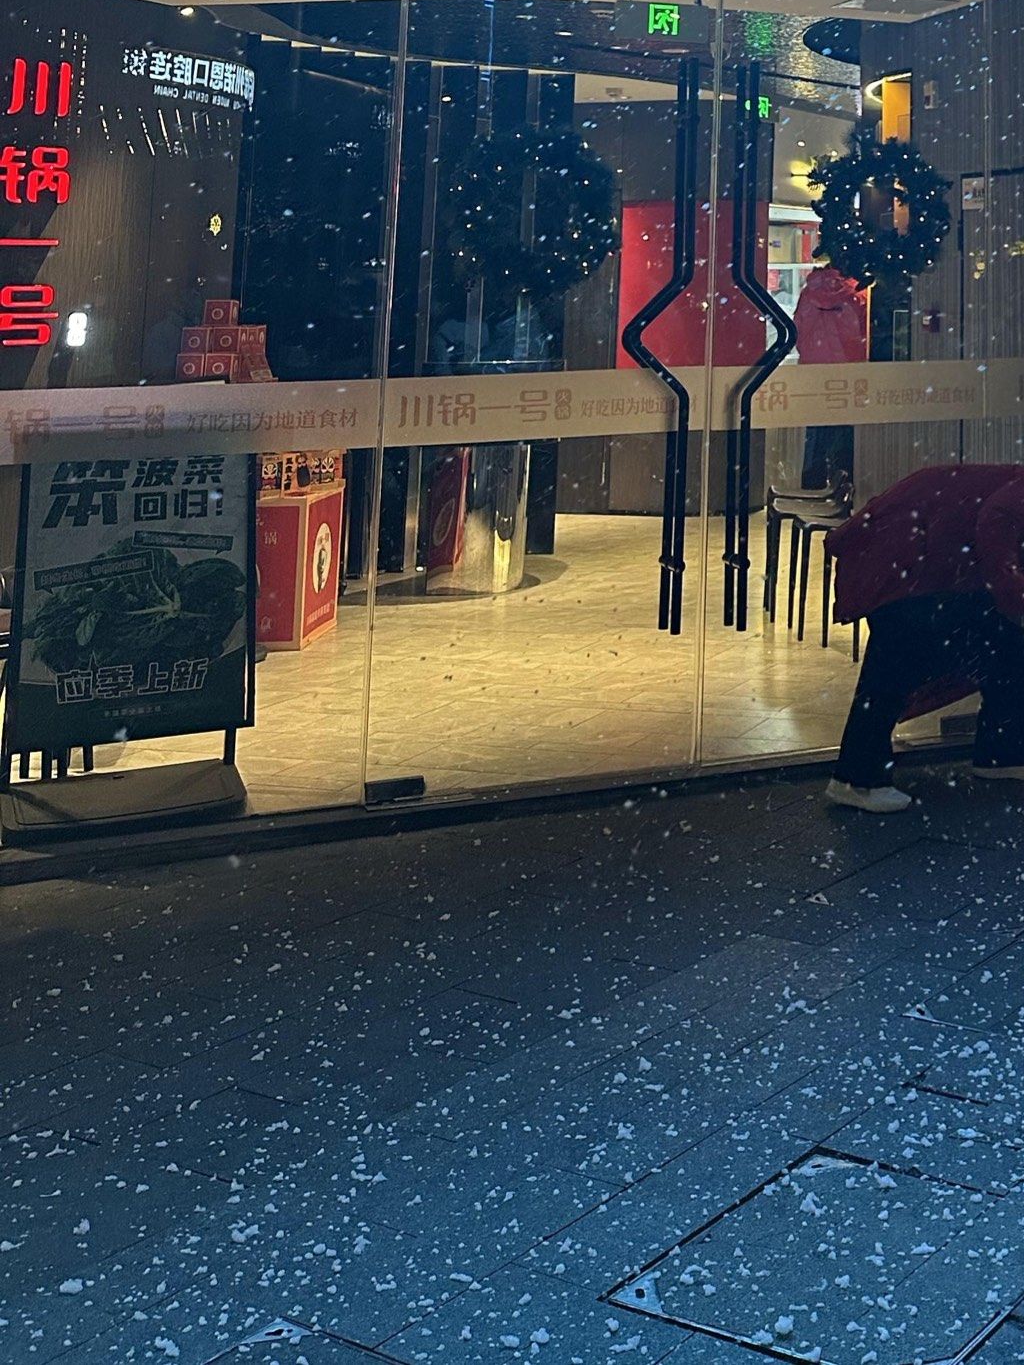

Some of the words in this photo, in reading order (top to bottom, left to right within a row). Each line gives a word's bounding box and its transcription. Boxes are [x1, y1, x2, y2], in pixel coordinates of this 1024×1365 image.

[0, 57, 72, 347] 川锅一号
[186, 408, 359, 434] 好吃因为地道食材
[398, 389, 551, 427] 川锅一号
[579, 394, 698, 420] 好吃因为地道
[56, 658, 209, 705] 应季上新

——————

_Task:_
Copy out all of the data word for word. Do not carry over any picture.

_Solution to the problem:_
Some of the words in this photo, in reading order (top to bottom, left to right within a row). Each line gives a word's bounding box and its transcription. Boxes are [x1, y1, x2, y2], in pixel coordinates of this 1024×1365 image.

[0, 57, 72, 347] 川锅一号
[186, 408, 359, 434] 好吃因为地道食材
[398, 389, 551, 427] 川锅一号
[579, 394, 698, 420] 好吃因为地道
[56, 658, 209, 705] 应季上新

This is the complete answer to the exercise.